By Dr. Colin Coulthard |

 

Imagine for a minute that there was a ticking time bomb that needed defusing. It’s just like in the movies, a jumble of wires, some sticks of dynamite, and a rather obvious digital countdown on the side of it. It’s ticking ominously closer to zero. If you defuse it in the wrong way, the bomb goes off.

Now imagine, that you have an expert who knows how to safely defuse this bomb. The expert does this regularly, many times a day, and knows what to do like she knows the back of her hand.

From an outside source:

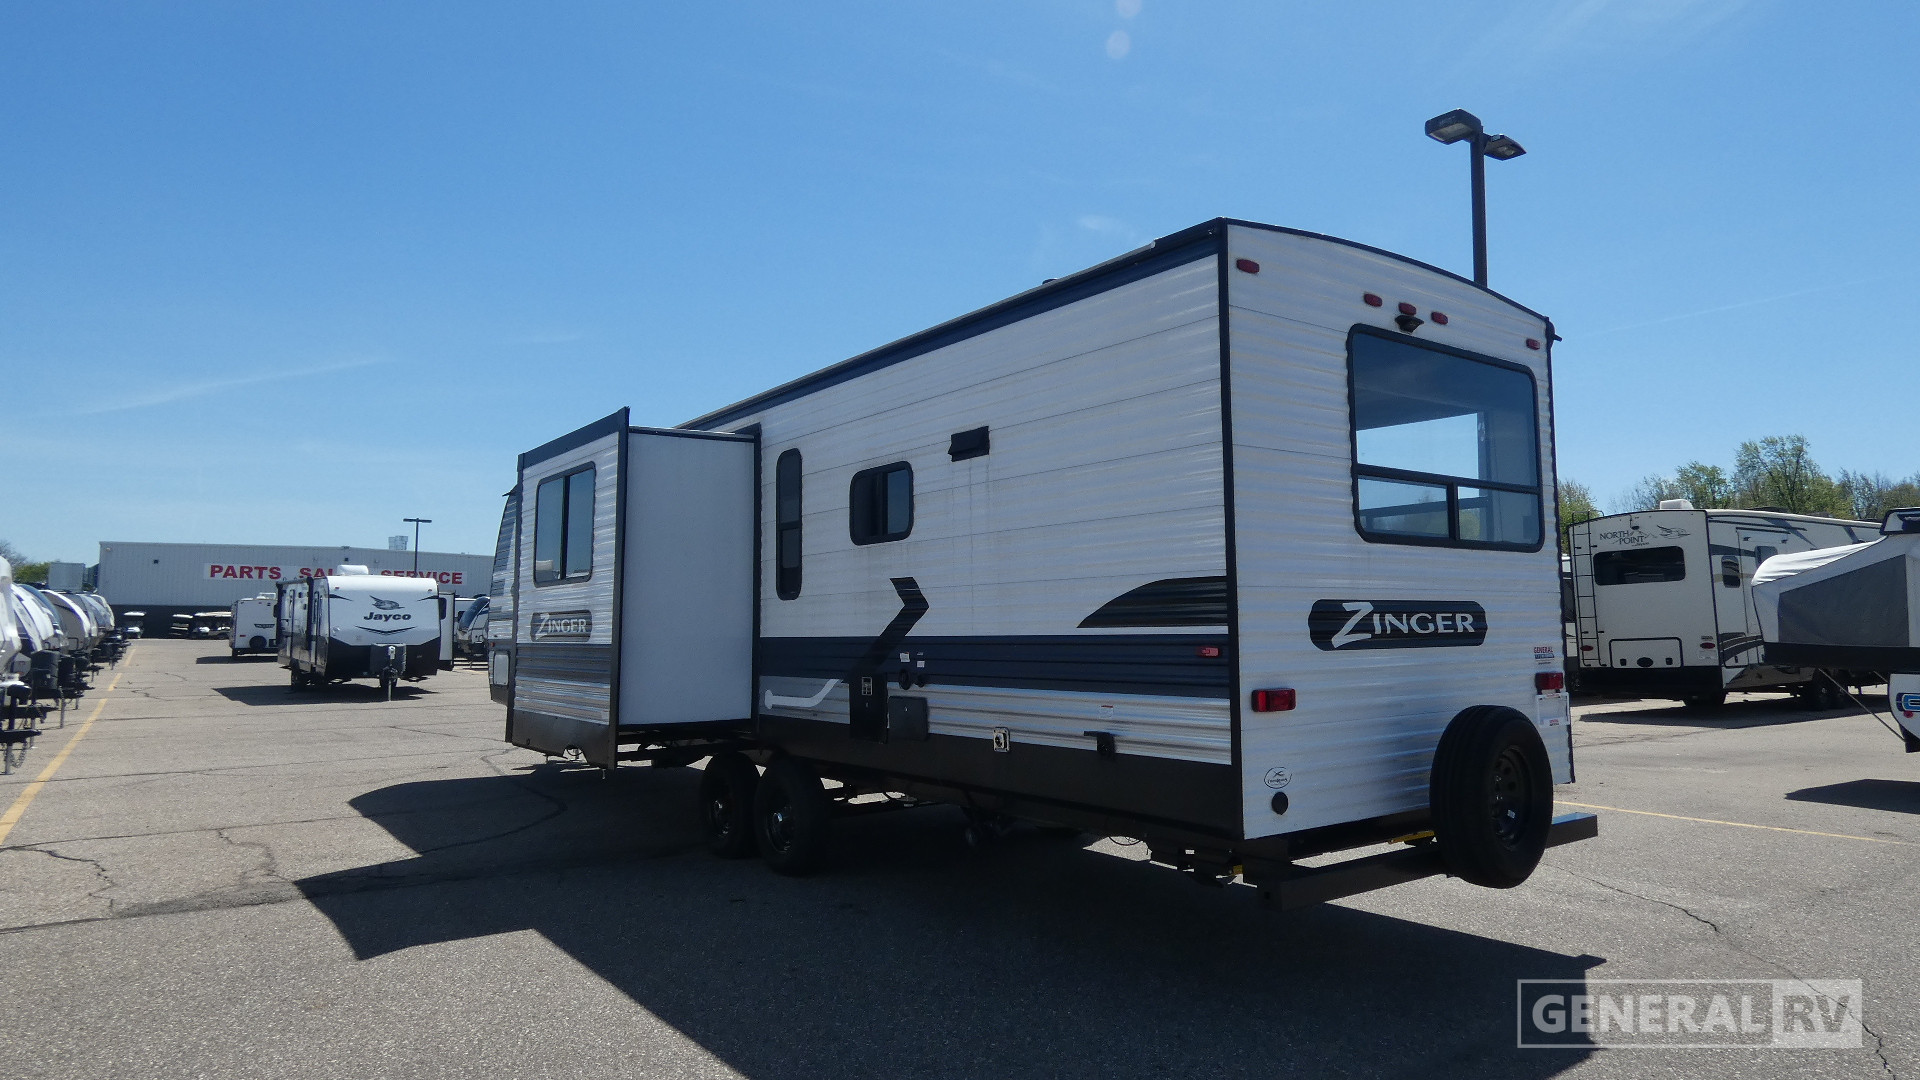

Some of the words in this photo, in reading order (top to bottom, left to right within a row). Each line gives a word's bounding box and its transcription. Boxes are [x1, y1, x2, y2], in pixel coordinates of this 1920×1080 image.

So my question to you is this. If you were locked in the room with this bomb, how would you want it to be defused?

Option A

This is where the expert walks into the room, swiftly snips a few wires (usually the red one in the films) and safely defuses the bomb.

Option B

The expert employs a skilled technician. The technician’s skills lie elsewhere in maintaining electronic circuits. This technician has very little experience of specific types of bomb but knows something about bombs in general. The expert has sent the technician detailed instructions about this type of bomb and how to defuse it. The instructions are quite long and detailed, and take a large amount of time to read and understand. The technician also has many other sets of instructions that she needs to read. The expert guides the technician by shouting instructions to her, and the technician sends pictures of her progress in defusing the bomb back to the expert. The expert then uses these pictures to decide on the next step. She then shouts more instructions back to the technician. This process is repeated until either the bomb is safely defused, or everything goes BOOM!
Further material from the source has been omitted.